▸ EXERCISE AIM
Each entry needs to be duplicated exactly.

[Saved entries]
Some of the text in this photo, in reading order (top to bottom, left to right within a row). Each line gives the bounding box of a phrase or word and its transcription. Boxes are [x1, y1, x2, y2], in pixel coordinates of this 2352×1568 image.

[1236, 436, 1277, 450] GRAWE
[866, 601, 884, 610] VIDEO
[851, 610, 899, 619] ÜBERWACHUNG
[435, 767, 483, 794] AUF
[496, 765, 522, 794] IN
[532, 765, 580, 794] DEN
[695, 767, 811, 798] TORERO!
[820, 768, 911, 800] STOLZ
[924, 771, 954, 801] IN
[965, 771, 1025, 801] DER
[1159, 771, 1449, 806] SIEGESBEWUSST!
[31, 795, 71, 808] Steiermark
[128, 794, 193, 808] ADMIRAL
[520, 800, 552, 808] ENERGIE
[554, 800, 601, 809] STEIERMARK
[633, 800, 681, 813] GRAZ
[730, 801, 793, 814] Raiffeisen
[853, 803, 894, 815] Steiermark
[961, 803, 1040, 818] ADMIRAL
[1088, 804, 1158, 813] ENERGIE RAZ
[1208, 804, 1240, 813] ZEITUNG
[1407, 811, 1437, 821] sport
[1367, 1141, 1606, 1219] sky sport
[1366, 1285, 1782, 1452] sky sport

▸ ANSWER SPACE
Some of the text in this photo, in reading order (top to bottom, left to right within a row). Each line gives the bounding box of a phrase or word and its transcription. Boxes are [x1, y1, x2, y2], in pixel coordinates of this 2352×1568 image.

[1236, 436, 1277, 450] GRAWE
[866, 601, 884, 610] VIDEO
[851, 610, 899, 619] ÜBERWACHUNG
[435, 767, 483, 794] AUF
[496, 765, 522, 794] IN
[532, 765, 580, 794] DEN
[695, 767, 811, 798] TORERO!
[820, 768, 911, 800] STOLZ
[924, 771, 954, 801] IN
[965, 771, 1025, 801] DER
[1159, 771, 1449, 806] SIEGESBEWUSST!
[31, 795, 71, 808] Steiermark
[128, 794, 193, 808] ADMIRAL
[520, 800, 552, 808] ENERGIE
[554, 800, 601, 809] STEIERMARK
[633, 800, 681, 813] GRAZ
[730, 801, 793, 814] Raiffeisen
[853, 803, 894, 815] Steiermark
[961, 803, 1040, 818] ADMIRAL
[1088, 804, 1158, 813] ENERGIE RAZ
[1208, 804, 1240, 813] ZEITUNG
[1407, 811, 1437, 821] sport
[1367, 1141, 1606, 1219] sky sport
[1366, 1285, 1782, 1452] sky sport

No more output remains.